Lucie Šafářová et Serena Williams,  photo: ČTK
Si notre stagiaire français à Radio Prague a fini, au bout de quelques jours et à force de succès de la Tchèque, par apprendre à prononcer plus ou moins correctement le nom de Lucie Šafářová (prononcez « Loutsié Chafarjova » en allongeant les deux derniers « a » et en vous efforçant de marier le « r » et le « j » dans une même émission sonore), la speakerine de la cérémonie qui suit traditionnellement les finales du tournoi de Roland-Garros n’aura, elle, pas eu assez de deux semaines pour en faire autant. Qu’importe, même dans sa prononciation « po francouzsku » comme se moqueraient gentiment les Tchèques, Lucie Safarova a séduit le public français samedi.

A quatre jeux à un et 15-30 en sa défaveur sur le service de Serena Williams dans le deuxième set, et alors qu’elle avait déjà concédé le premier, on a bien cru que les carottes étaient cuites pour Lucie Šafářová et que cette finale du simple dames n’était déjà plus qu’une affaire entendue. Une formalité pour l’Américaine, une de plus, comme souvent lorsqu’elle est une des protagonistes d’une finale. Et pourtant…

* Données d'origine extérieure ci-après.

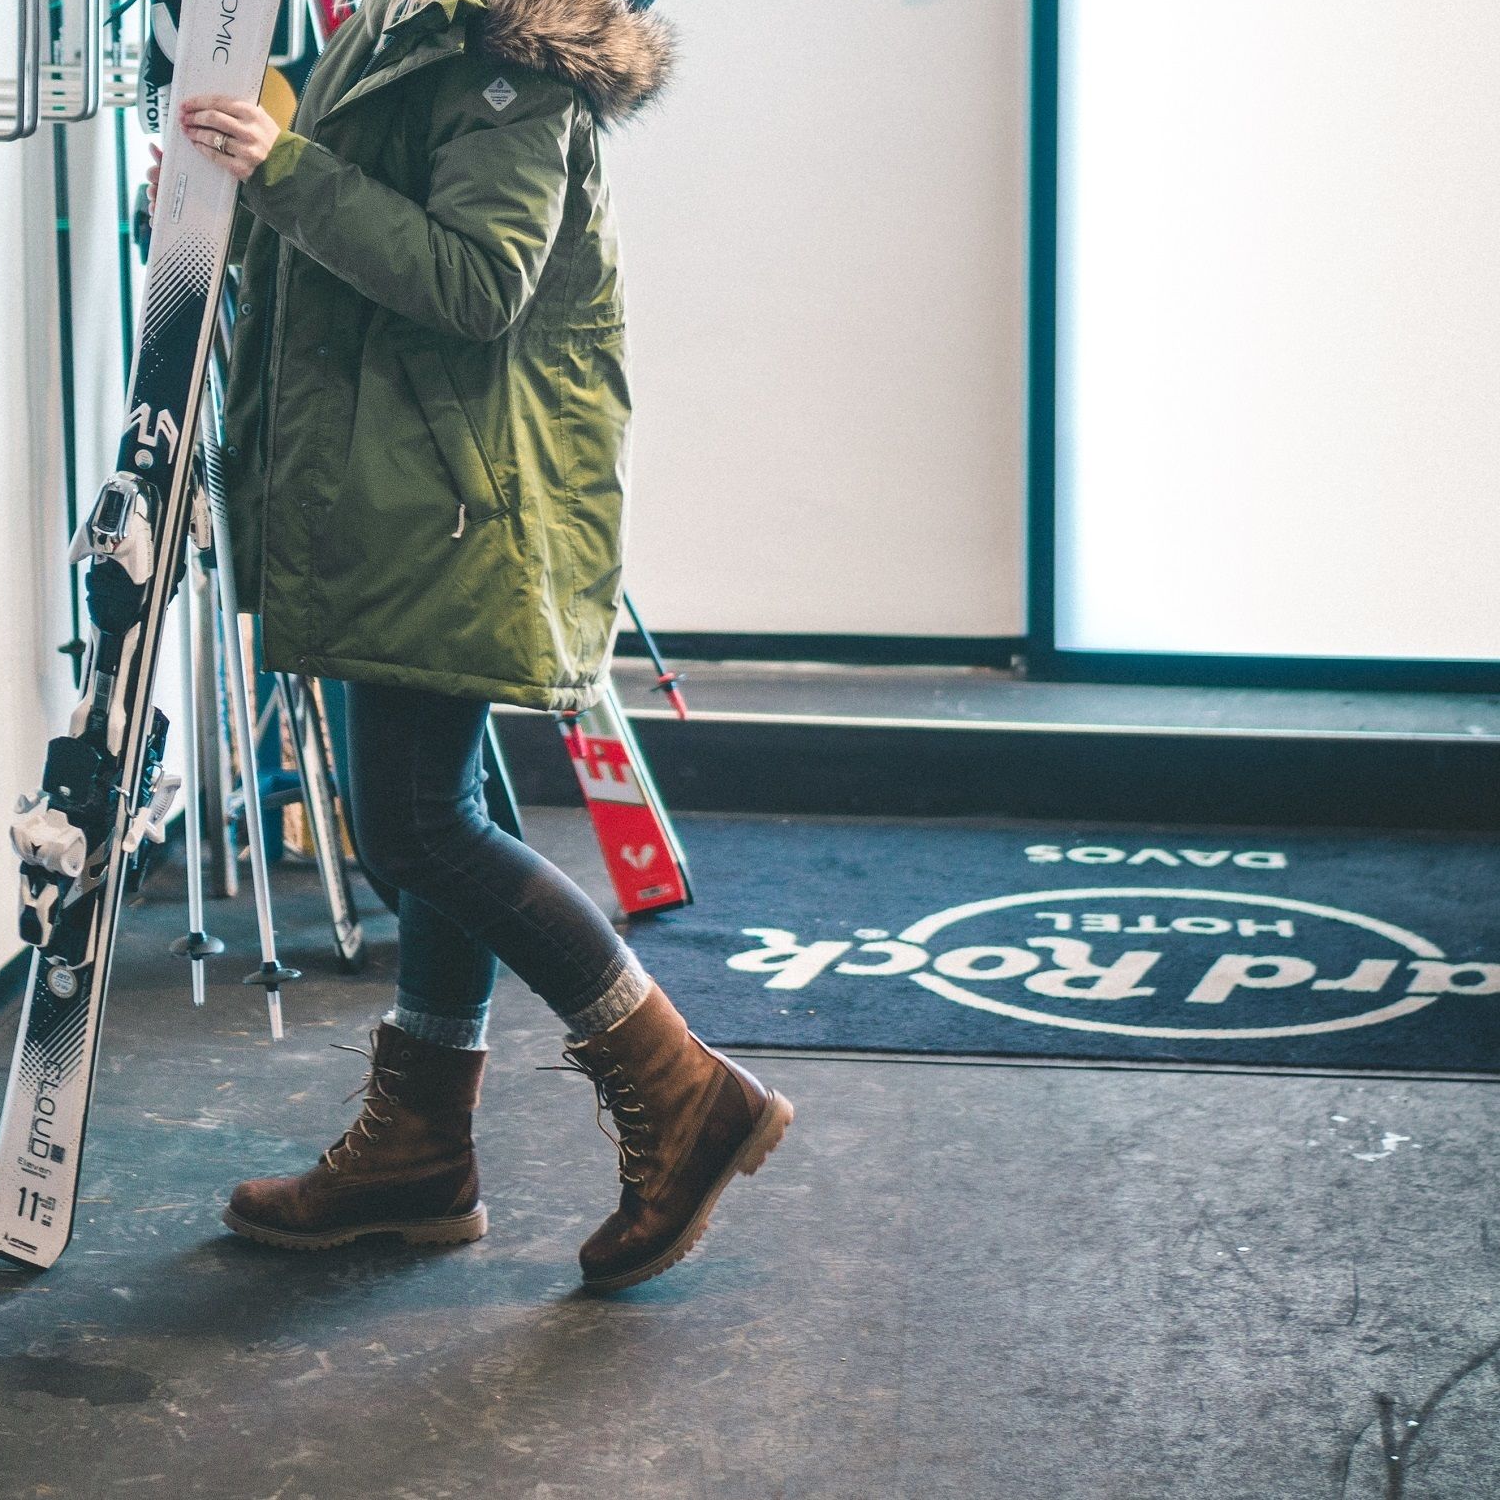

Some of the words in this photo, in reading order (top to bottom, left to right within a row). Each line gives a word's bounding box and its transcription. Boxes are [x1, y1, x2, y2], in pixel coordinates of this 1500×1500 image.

[1024, 844, 1287, 870] DAVOS
[1035, 912, 1296, 938] HOTEL
[726, 927, 1163, 1001] Rock
[30, 1060, 61, 1158] CLOUD
[18, 1187, 40, 1221] 11
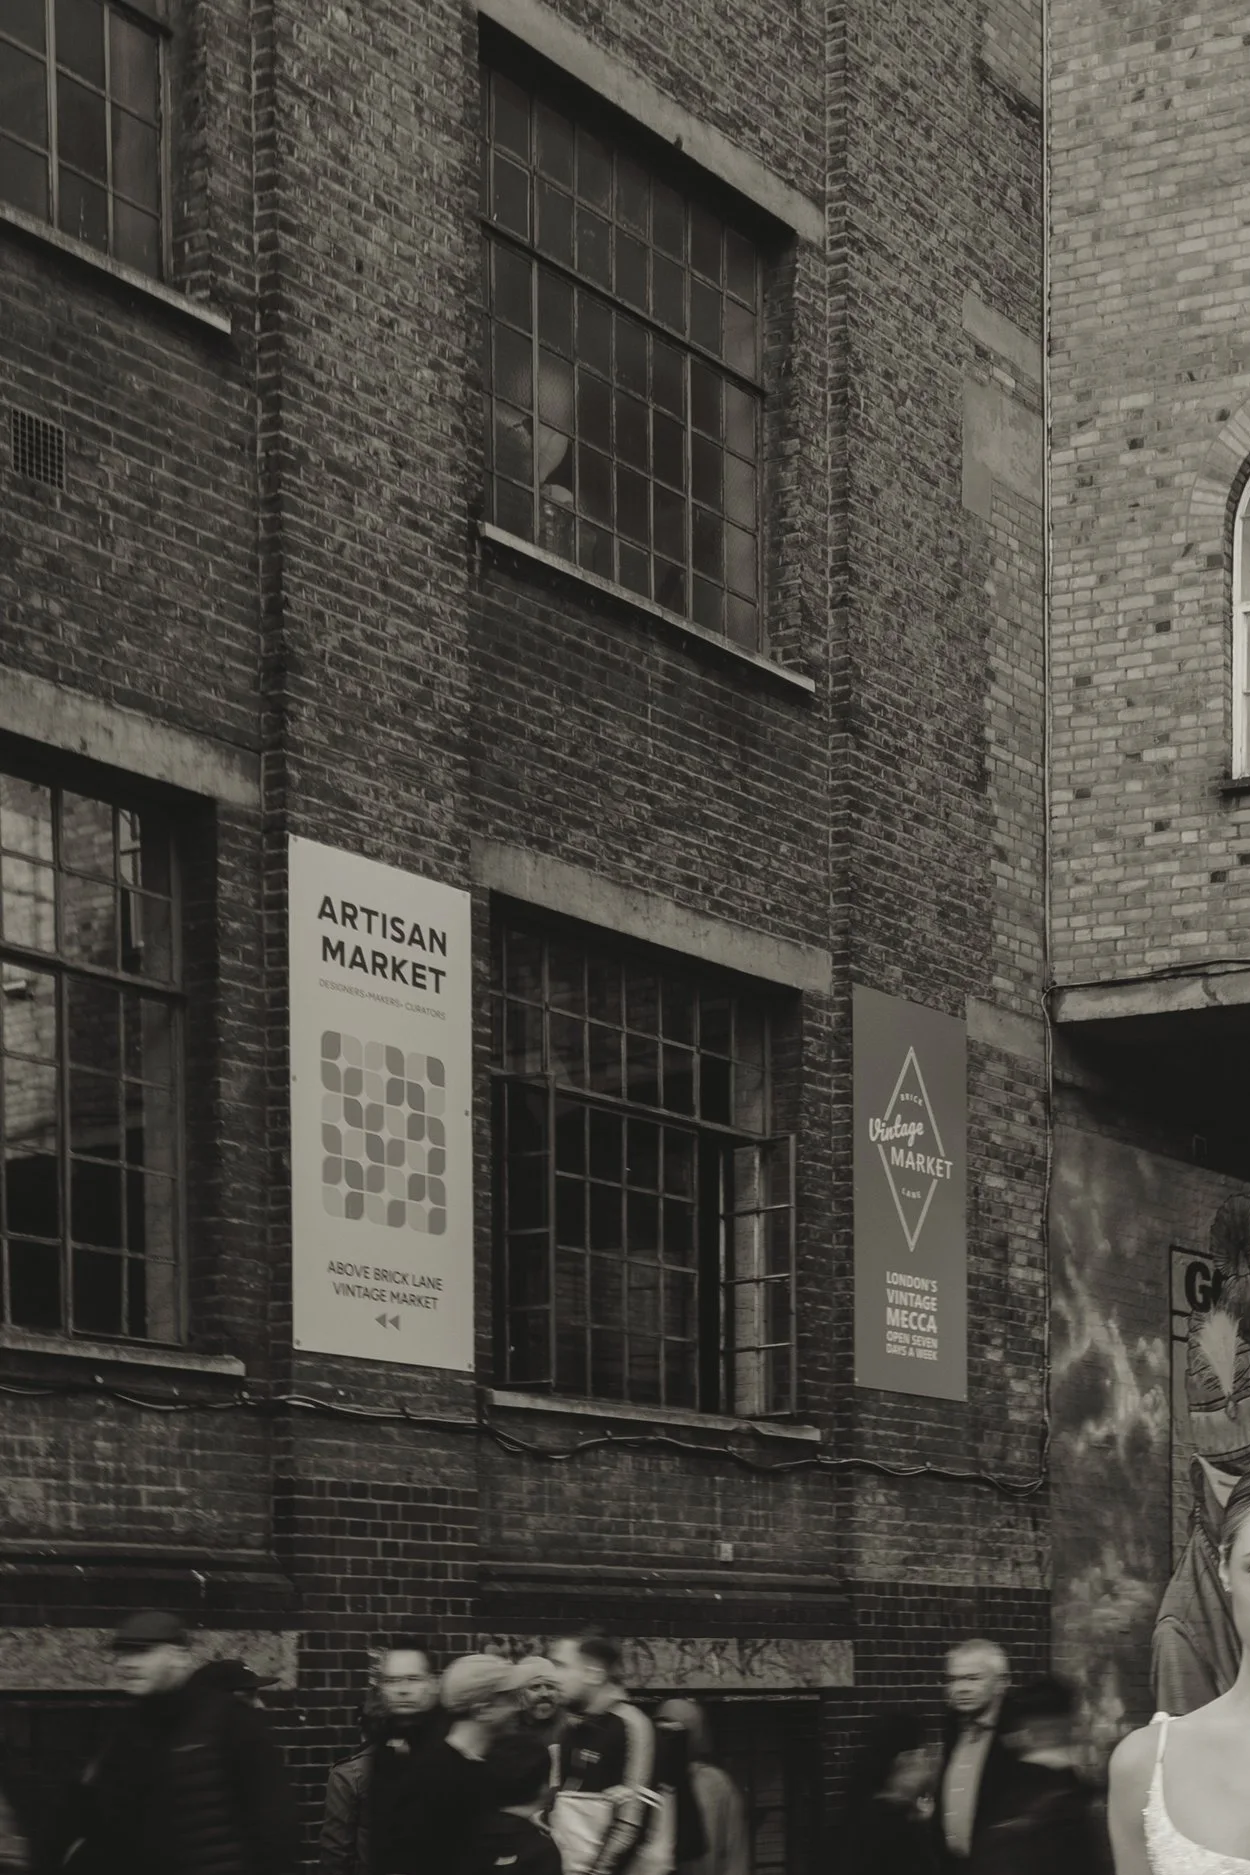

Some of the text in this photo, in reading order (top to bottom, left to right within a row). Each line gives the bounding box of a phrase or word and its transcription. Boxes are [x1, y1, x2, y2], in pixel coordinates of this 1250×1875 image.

[317, 895, 447, 957] ARTISAN
[322, 934, 447, 994] MARKET
[868, 1113, 925, 1148] Vintage
[890, 1145, 954, 1180] MARKET
[326, 1259, 444, 1292] ABOVE BRICK LANE
[885, 1270, 939, 1293] LONDON'S
[331, 1281, 440, 1311] VINTAGE MARKET
[885, 1287, 939, 1312] VINTAGE
[885, 1306, 939, 1334] MECCA

Et pourtant, quelques petites dizaines de minutes plus tard, lorsqu’elle s’est retrouvée à mener deux jeux à zéro dans le troisième set, après avoir finalement gagné la deuxième manche dans le jeu décisif, on a cette fois bien cru que la gauchère tchèque touchait son rêve du bout des doigts. Seulement voilà, Serena Williams n’est pas une des toutes meilleures joueuses de l’histoire du tennis pour rien…

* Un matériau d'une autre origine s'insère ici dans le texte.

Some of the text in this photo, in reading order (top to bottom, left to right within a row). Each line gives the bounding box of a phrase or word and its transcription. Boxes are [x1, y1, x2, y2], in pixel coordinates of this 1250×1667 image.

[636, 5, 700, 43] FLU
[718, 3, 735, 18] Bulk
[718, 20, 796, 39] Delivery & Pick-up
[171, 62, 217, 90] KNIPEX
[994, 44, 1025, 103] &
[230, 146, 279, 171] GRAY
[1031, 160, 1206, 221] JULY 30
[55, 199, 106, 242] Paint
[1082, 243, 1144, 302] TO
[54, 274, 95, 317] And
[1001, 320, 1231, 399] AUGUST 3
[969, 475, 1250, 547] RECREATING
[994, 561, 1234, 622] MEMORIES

Pour Jan Kodeš, ancien double vainqueur à Roland-Garros (1970, 1971), la réaction de la numéro un mondiale à ce moment précis du match a ressemblé à celle des hockeyeurs canadiens, lorsque ceux-ci affrontaient autrefois les Russes ou les Tchécoslovaques :

Lucie Šafářová,  photo: ČTK
« C’était toujours comme ça avec eux. Les Canadiens jouaient, le match était équilibré, l’adversaire avait le sentiment de pouvoir les battre, puis ils mettaient un coup d’accélérateur lorsque cela était nécessaire. Et c’est tout à fait que ce fait Serena Williams aussi. Elle perdait deux jeux à zéro dans le troisième set, et c’est justement à ce moment-là qu’elle a haussé son niveau de jeu. C’est une des meilleures de l’histoire entre autres parce qu’elle sait se concentrer sur son service, enchaîner les aces et gagner les points importants dans les moments-clefs d’un match. Il ne faut pas oublier que vous aviez d’un côté une joueuse qui a remporté vingt Grands Chelems et de l’autre une joueuse qui disputait sa première grande finale. Ceci dit, je tire un grand coup de chapeau à Šafářová pour sa performance. »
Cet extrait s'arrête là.